Executive Secretary of the National Universities (NUC), Professor Julius Okojie, has described as a “sick joke” an allegation that he was bribed with N20,000 to grant “temporary approval” for the establishment of a purported Temple University, Orozo, Abuja.
Okojie, reacting to some media reports on the allegation on Tuesday in Abuja, said, “ordinarily, the National Universities Commission (NUC) would not want to comment on a case that is in court.”
Speaking through the Chief Information Officer of the commission, Mrs Bukola Olatunji, in a statement made available to newsmen, Okojie said he was left with no other choice, “going by the way the story of an alleged bribery of the Executive Secretary, NUC, Professor Julius A. Okojie OON has gone viral.
“The commission took one Pius Nwachukwu and his wife, Chika, to court for operating an illegal university in Orozo, a border town between the Federal Capital Territory and Nasarawa State, but in his defence, Nwachukwu claimed that he was issued a ‘temporary approval’ (a term that does not exist in NUC’s licensing regime) after giving Professor Okojie N20,000 to fuel his car. Infra dignitatem!,” the statement said.
According to online reports, Nwachukwu said: “I have a Ph.D certificate in Theology from Temple University International, my Alma Mata, and I am the representative of the school in Nigeria.”
Olatunji, in the statement, further said, “this man, who the Executive Secretary has never met, told the court that “Mr Okojie, who is the Director General (sic) of the National Universities Commission gave me the approval based on the existing relationship we had for long.”

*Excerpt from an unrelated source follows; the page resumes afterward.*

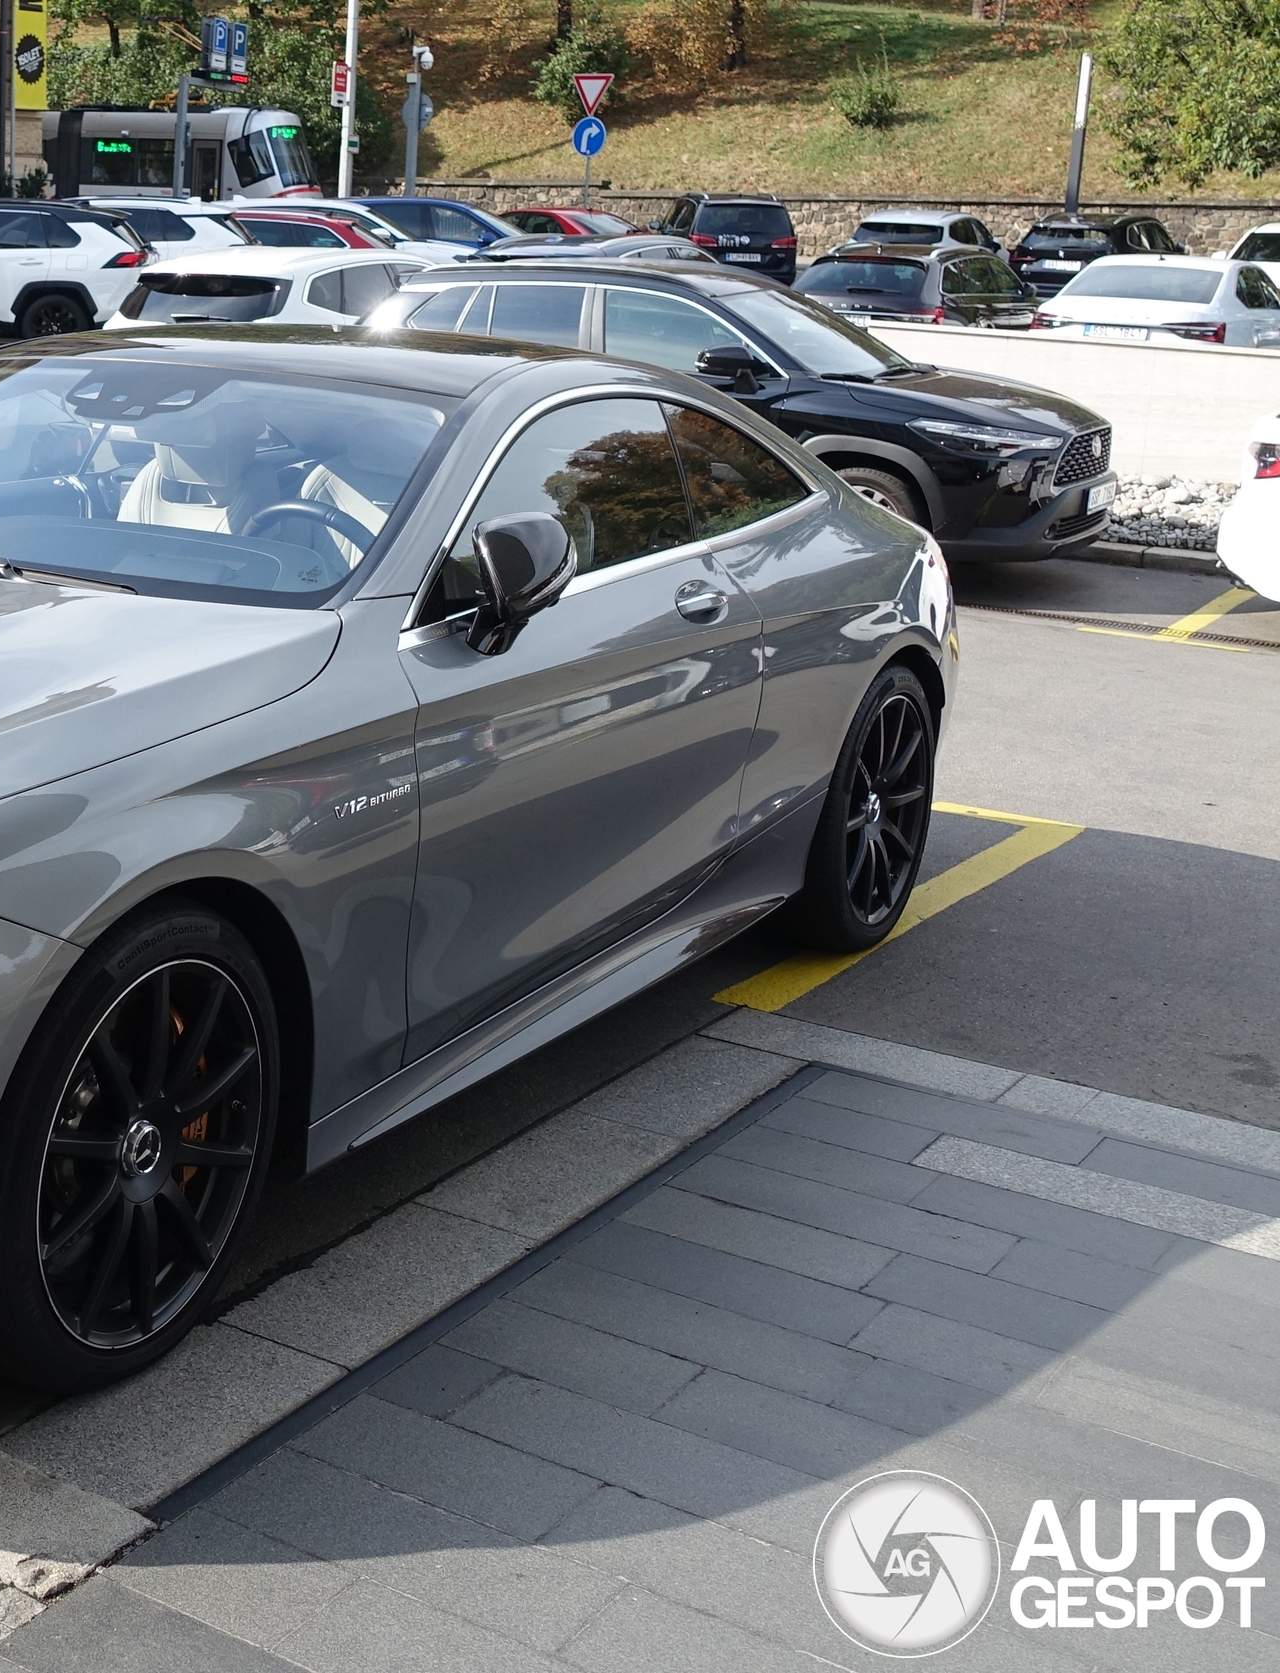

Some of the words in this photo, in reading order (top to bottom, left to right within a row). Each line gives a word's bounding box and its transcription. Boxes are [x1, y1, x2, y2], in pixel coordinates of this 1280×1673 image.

[234, 30, 245, 50] P
[334, 795, 369, 820] V12
[370, 784, 411, 807] BITURBO

She added: “Where is Temple University International? It is a story that all right-thinking individuals should dismiss with the wave of the hand as a sick joke, because that is exactly what it is.

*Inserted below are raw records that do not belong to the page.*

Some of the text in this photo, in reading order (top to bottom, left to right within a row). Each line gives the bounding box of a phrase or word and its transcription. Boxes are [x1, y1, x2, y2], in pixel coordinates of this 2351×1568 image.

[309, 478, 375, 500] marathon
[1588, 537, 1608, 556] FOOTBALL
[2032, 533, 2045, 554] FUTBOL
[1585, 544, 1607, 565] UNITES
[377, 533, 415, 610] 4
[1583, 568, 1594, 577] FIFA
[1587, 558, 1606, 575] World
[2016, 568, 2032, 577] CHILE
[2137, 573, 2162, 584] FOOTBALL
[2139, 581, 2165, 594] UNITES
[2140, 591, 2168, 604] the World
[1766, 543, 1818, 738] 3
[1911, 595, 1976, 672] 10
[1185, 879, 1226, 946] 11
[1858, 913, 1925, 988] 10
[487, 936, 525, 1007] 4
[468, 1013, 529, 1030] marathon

“The painstaking requirements for establishing a private university are available on the NUC website.
“To imagine that anyone would claim that all these were waived for N20,000 and such a story would receive the kind of attention it has been given is as regrettable as it is laughable,” Olatunji said.

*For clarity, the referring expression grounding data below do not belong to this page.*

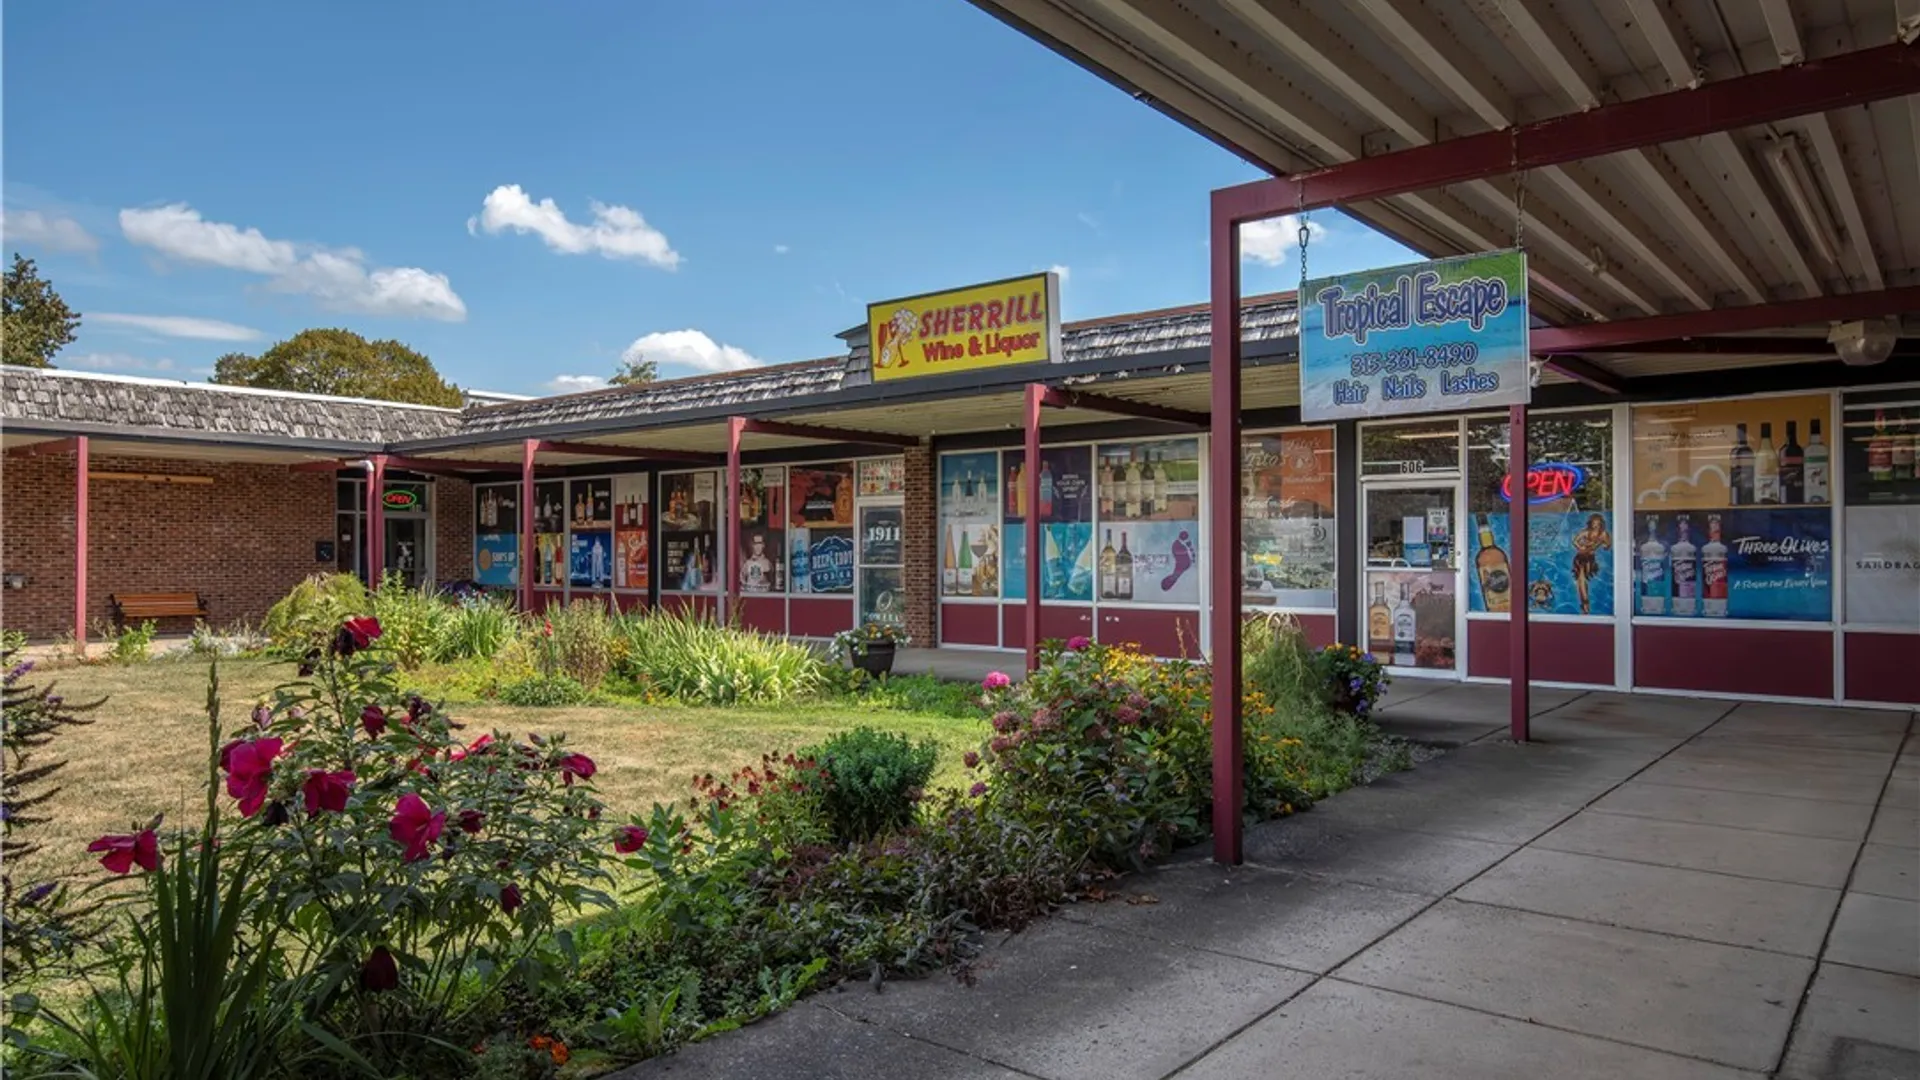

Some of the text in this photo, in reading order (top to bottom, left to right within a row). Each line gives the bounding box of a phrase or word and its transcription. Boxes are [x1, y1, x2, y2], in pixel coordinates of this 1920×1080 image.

[919, 291, 1044, 338] SHERRILL
[1318, 271, 1507, 344] Tropical Escape
[922, 331, 1041, 362] Wine & Liquor
[1333, 367, 1499, 405] Hair Nails Lashes
[1401, 461, 1424, 474] 606
[386, 494, 411, 504] OPEN
[868, 526, 900, 541] 1911

NUC spokesperson wondered where were those peddling Nwachukwu’s submissions in his defence when the authorised representative of NUC testified before the court, stating, on oath, that the so-called temporary approval was recovered by the NUC’s task force on illegal universities during a raid of the premises of the accused.
She said Mr and Mrs Nwachukwu had used the fake temporary approval, which is now before the court to support the charge of forgery against them, to deceive unsuspecting victims of their operations.